An optional NodeName specification can be used to permit one gres.conf file to be used for all compute nodes in a cluster by specifying the node(s) that each line should apply to. The NodeName specification can use a Slurm hostlist specification as shown in the example below.
オプションのNodeName指定を使用すると、各行に適用するノードを指定することにより、1つのgres.confファイルをクラスター内のすべての計算ノードに使用できます。以下の例に示すように、NodeName仕様ではSlurmホストリスト仕様を使用できます。

Type

An optional arbitrary string identifying the type of device. For example, this might be used to identify a specific model of GPU, which users can then specify in a job request. If Type is specified, then Count is limited in size (currently 1024).
デバイスのタイプを識別するオプションの任意の文字列。たとえば、これは、GPUの特定のモデルを識別するために使用でき、ユーザーはジョブリクエストでそれを指定できます。Typeを指定すると、Countのサイズが制限されます（現在は1024）。

EXAMPLES

##################################################################
# Slurm's Generic Resource (GRES) configuration file
# Define GPU devices with MPS support
##################################################################
AutoDetect=nvml
Name=gpu Type=gtx560 File=/dev/nvidia0 COREs=0,1
Name=gpu Type=tesla File=/dev/nvidia1 COREs=2,3
Name=mps Count=100 File=/dev/nvidia0 COREs=0,1
Name=mps Count=100 File=/dev/nvidia1 COREs=2,3

##################################################################
# Slurm's Generic Resource (GRES) configuration file
# Overwrite system defaults and explicitly configure three GPUs
##################################################################
Name=gpu Type=tesla File=/dev/nvidia[0-1] COREs=0,1
# Name=gpu Type=tesla File=/dev/nvidia[2-3] COREs=2,3
# NOTE: nvidia2 device is out of service
Name=gpu Type=tesla File=/dev/nvidia3 COREs=2,3

##################################################################
# Slurm's Generic Resource (GRES) configuration file
# Use a single gres.conf file for all compute nodes - positive method
##################################################################
## Explicitly specify devices on nodes tux0-tux15
# NodeName=tux[0-15] Name=gpu File=/dev/nvidia[0-3]
# NOTE: tux3 nvidia1 device is out of service
NodeName=tux[0-2] Name=gpu File=/dev/nvidia[0-3]
NodeName=tux3 Name=gpu File=/dev/nvidia[0,2-3]
NodeName=tux[4-15] Name=gpu File=/dev/nvidia[0-3]
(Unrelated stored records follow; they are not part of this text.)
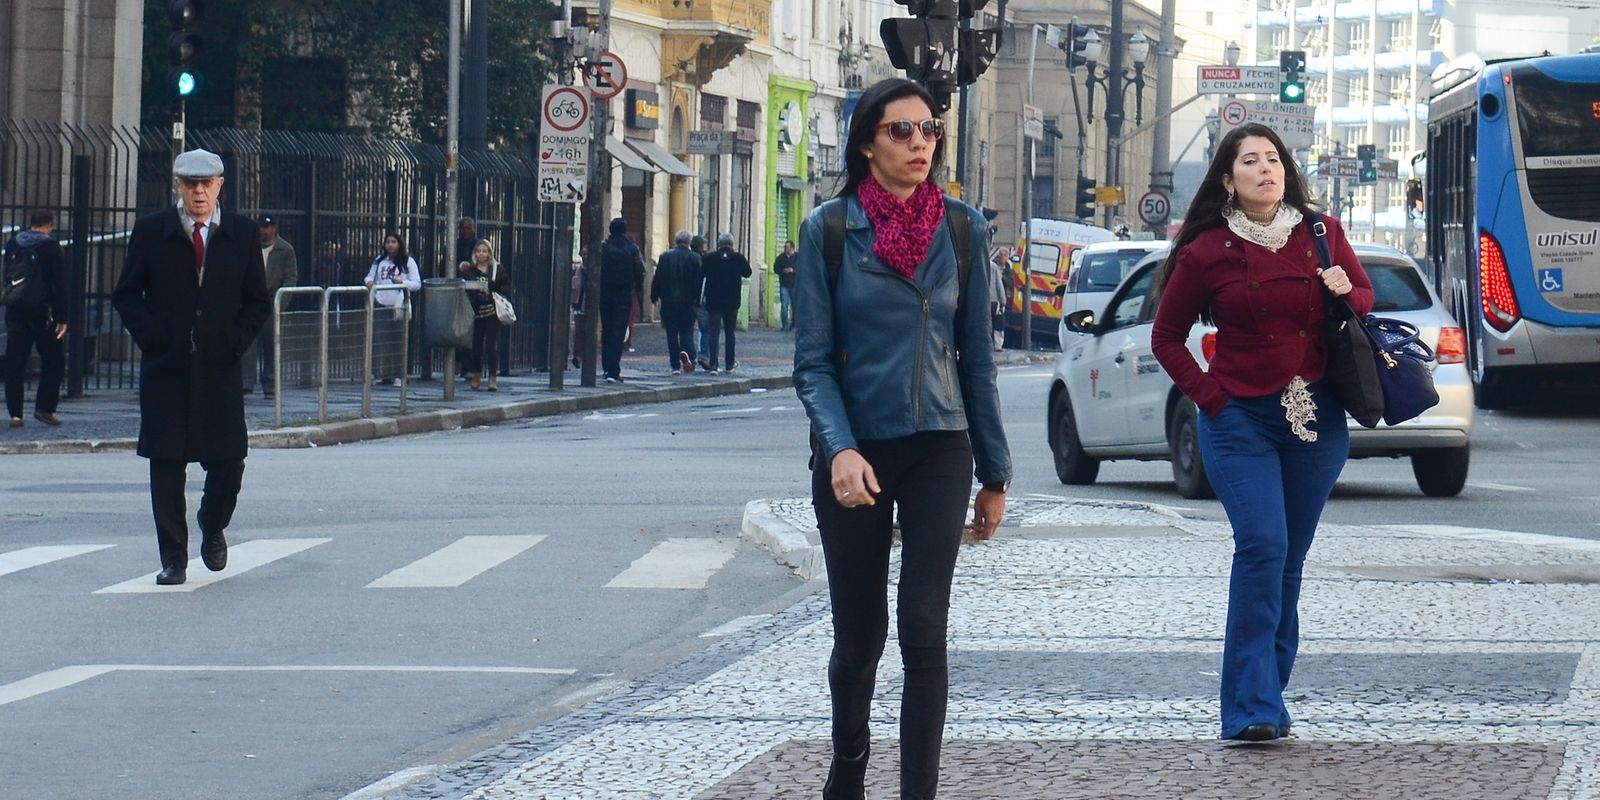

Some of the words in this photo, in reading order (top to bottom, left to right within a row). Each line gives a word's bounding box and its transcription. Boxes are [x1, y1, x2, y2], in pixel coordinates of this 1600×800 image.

[1205, 69, 1237, 78] NUNCA
[1246, 70, 1275, 79] FECHE
[1213, 81, 1275, 89] CRUZAMENTO
[1255, 102, 1268, 111] SÓ
[1273, 102, 1308, 115] ÔNIBUS
[542, 135, 587, 145] DOMINGO
[547, 147, 582, 160] 7-16h
[1543, 157, 1572, 167] Disque
[1144, 199, 1166, 215] 50
[1039, 228, 1061, 237] 7372
[1537, 228, 1598, 248] unisul
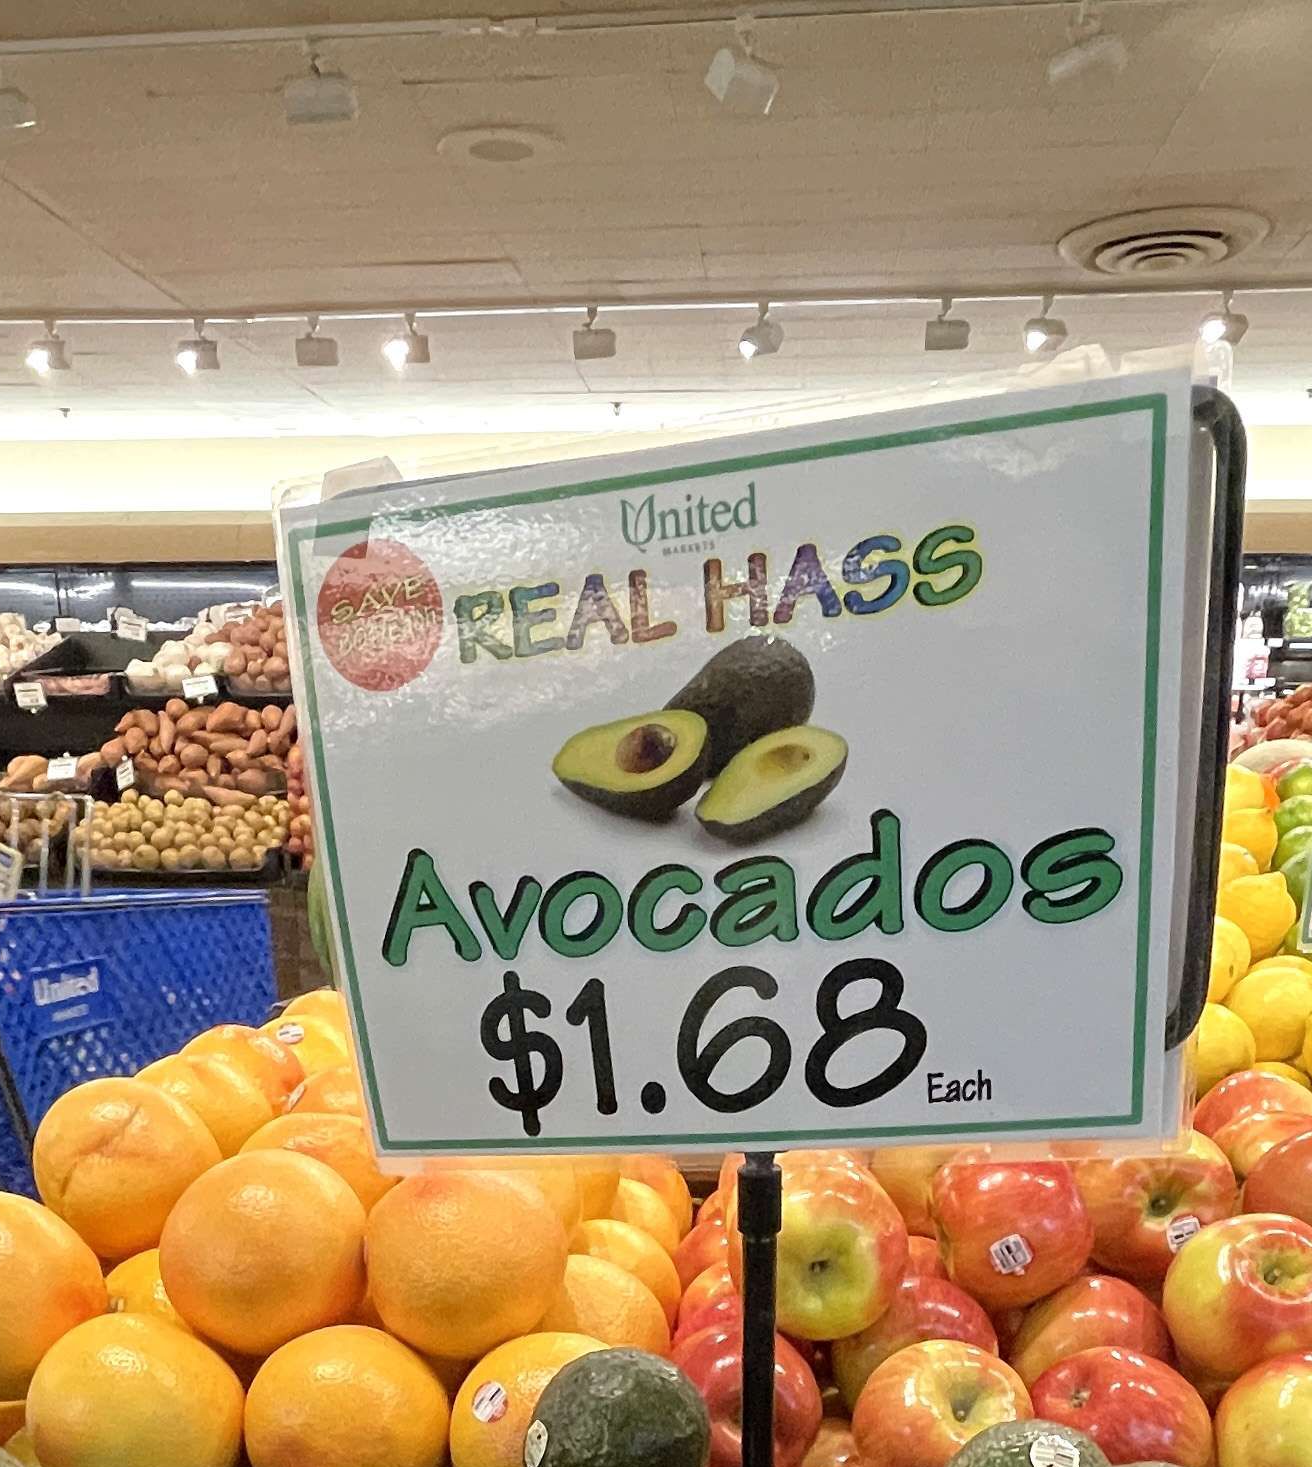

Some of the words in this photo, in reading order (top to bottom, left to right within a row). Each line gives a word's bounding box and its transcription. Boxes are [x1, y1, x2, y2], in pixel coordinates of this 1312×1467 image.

[619, 481, 759, 553] United
[330, 574, 426, 625] SAVE
[452, 568, 678, 665] REAL
[703, 523, 984, 634] HASS
[382, 808, 1123, 967] Avocados
[479, 957, 928, 1136] $1.68
[927, 1070, 992, 1104] Each
##################################################################
# Slurm's Generic Resource (GRES) configuration file
# Use NVML to gather GPU configuration information
# Information about all other GRES gathered from slurm.conf
##################################################################
AutoDetect=nvml

COPYING

This file is part of Slurm, a resource management program. For details, see <https://slurm.schedmd.com/>.
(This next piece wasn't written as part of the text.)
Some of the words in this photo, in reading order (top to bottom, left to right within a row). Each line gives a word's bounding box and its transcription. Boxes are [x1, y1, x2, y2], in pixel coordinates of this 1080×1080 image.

Slurm is free software; you can redistribute it and/or modify it under the terms of the GNU General Public License as published by the Free Software Foundation; either version 2 of the License, or (at your option) any later version.

Slurm is distributed in the hope that it will be useful, but WITHOUT ANY WARRANTY; without even the implied warranty of MERCHANTABILITY or FITNESS FOR A PARTICULAR PURPOSE. See the GNU General Public License for more details.